**TASK PROMPT:** Down to the last line, reproduce the data that follows, but skip the pictures.

- - - - -

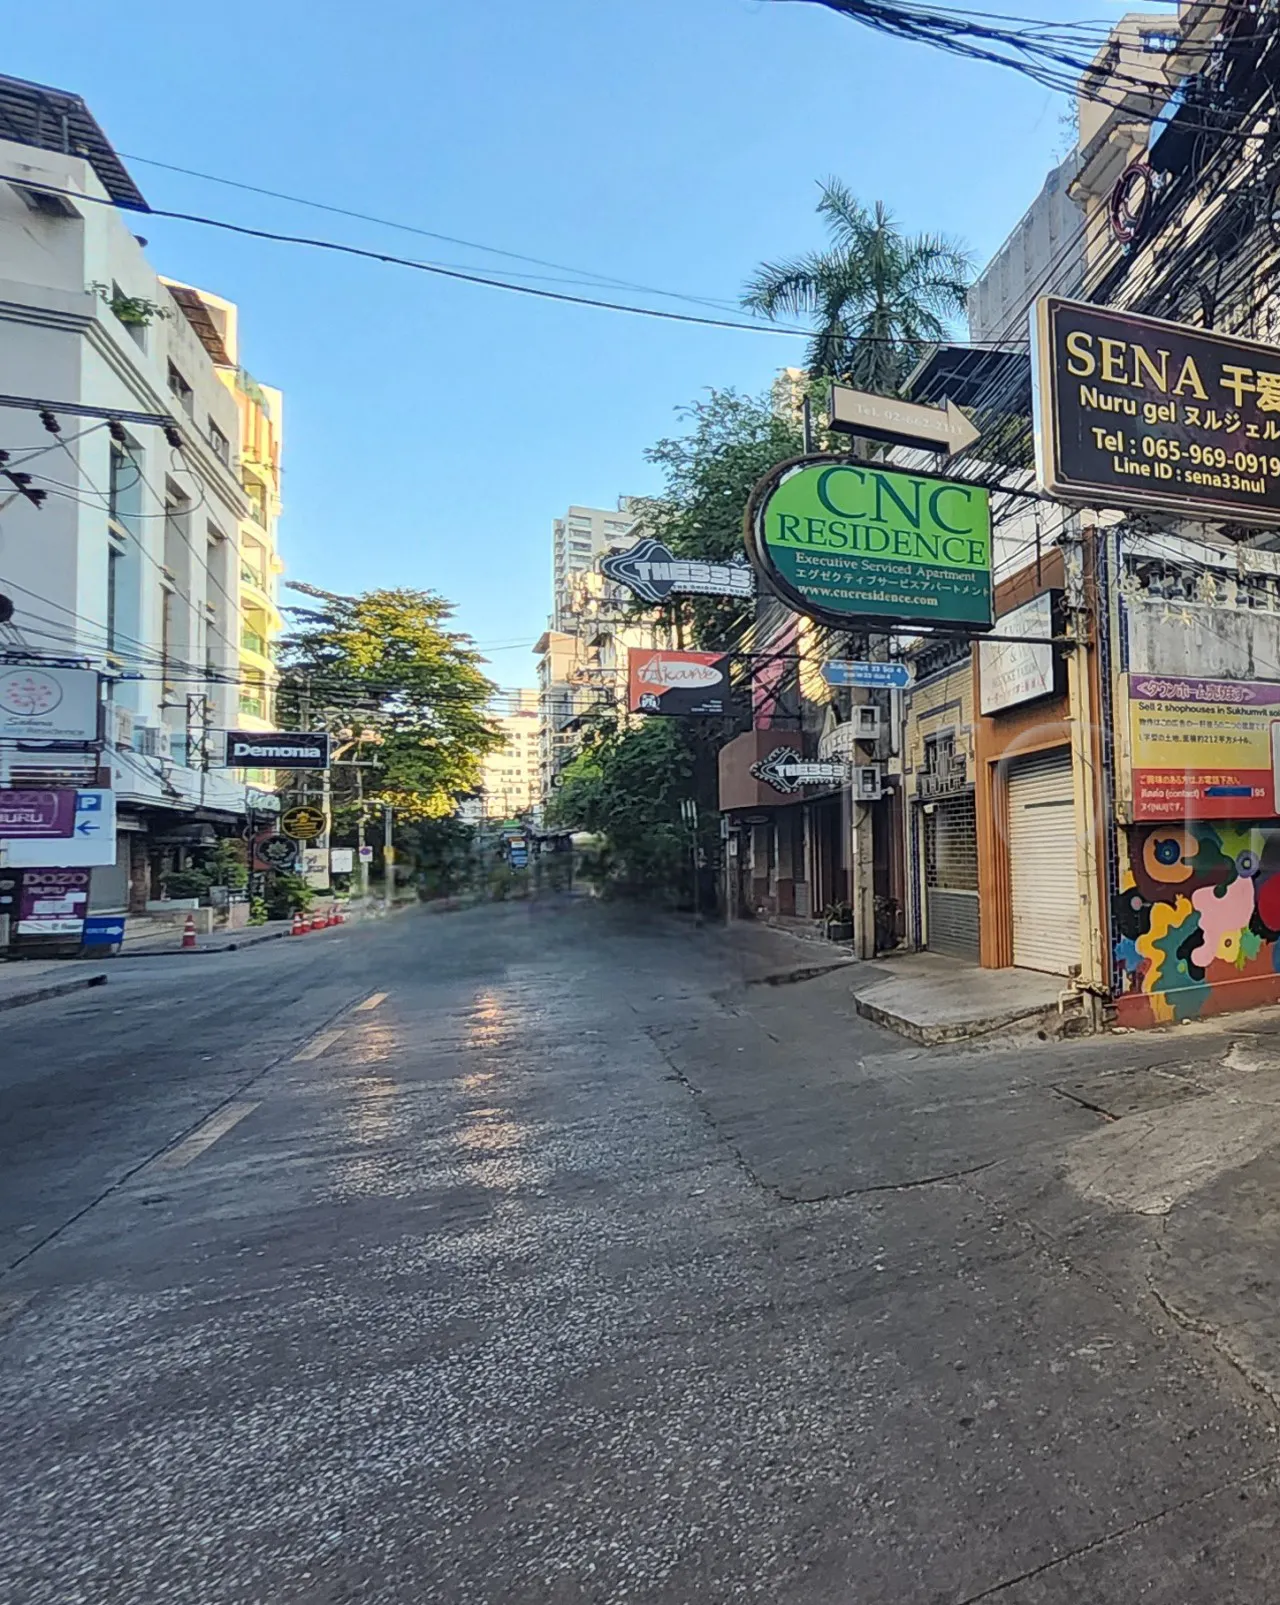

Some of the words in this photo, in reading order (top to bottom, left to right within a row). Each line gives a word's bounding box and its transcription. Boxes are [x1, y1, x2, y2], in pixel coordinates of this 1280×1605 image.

[1066, 331, 1209, 400] SENA
[1080, 385, 1136, 416] Nuru
[1143, 402, 1176, 424] gel
[1091, 427, 1124, 453] Tel
[1113, 456, 1151, 476] Line
[1154, 463, 1173, 480] ID
[1184, 471, 1266, 494] sena33nul
[816, 466, 973, 535] CNC
[776, 513, 986, 566] RESIDENCE
[795, 552, 858, 570] Executive
[861, 560, 912, 576] Serviced
[916, 567, 976, 583] Apartment
[797, 585, 939, 606] www.cncresidence.com
[638, 653, 718, 683] Akane
[1138, 702, 1156, 711] Sell
[1157, 703, 1163, 711] 2
[1164, 704, 1215, 714] shophouses
[1217, 706, 1225, 714] in
[1226, 706, 1268, 716] Sukhumvit
[1269, 709, 1280, 717] soi
[234, 743, 321, 758] Demonia
[80, 797, 97, 809] P
[1165, 788, 1199, 799] (contact)
[22, 873, 88, 885] DOZO

- - - - -

**PROBLEM SOLUTION:**
Some of the words in this photo, in reading order (top to bottom, left to right within a row). Each line gives a word's bounding box and its transcription. Boxes are [x1, y1, x2, y2], in pixel coordinates of this 1280×1605 image.

[1066, 331, 1209, 400] SENA
[1080, 385, 1136, 416] Nuru
[1143, 402, 1176, 424] gel
[1091, 427, 1124, 453] Tel
[1113, 456, 1151, 476] Line
[1154, 463, 1173, 480] ID
[1184, 471, 1266, 494] sena33nul
[816, 466, 973, 535] CNC
[776, 513, 986, 566] RESIDENCE
[795, 552, 858, 570] Executive
[861, 560, 912, 576] Serviced
[916, 567, 976, 583] Apartment
[797, 585, 939, 606] www.cncresidence.com
[638, 653, 718, 683] Akane
[1138, 702, 1156, 711] Sell
[1157, 703, 1163, 711] 2
[1164, 704, 1215, 714] shophouses
[1217, 706, 1225, 714] in
[1226, 706, 1268, 716] Sukhumvit
[1269, 709, 1280, 717] soi
[234, 743, 321, 758] Demonia
[80, 797, 97, 809] P
[1165, 788, 1199, 799] (contact)
[22, 873, 88, 885] DOZO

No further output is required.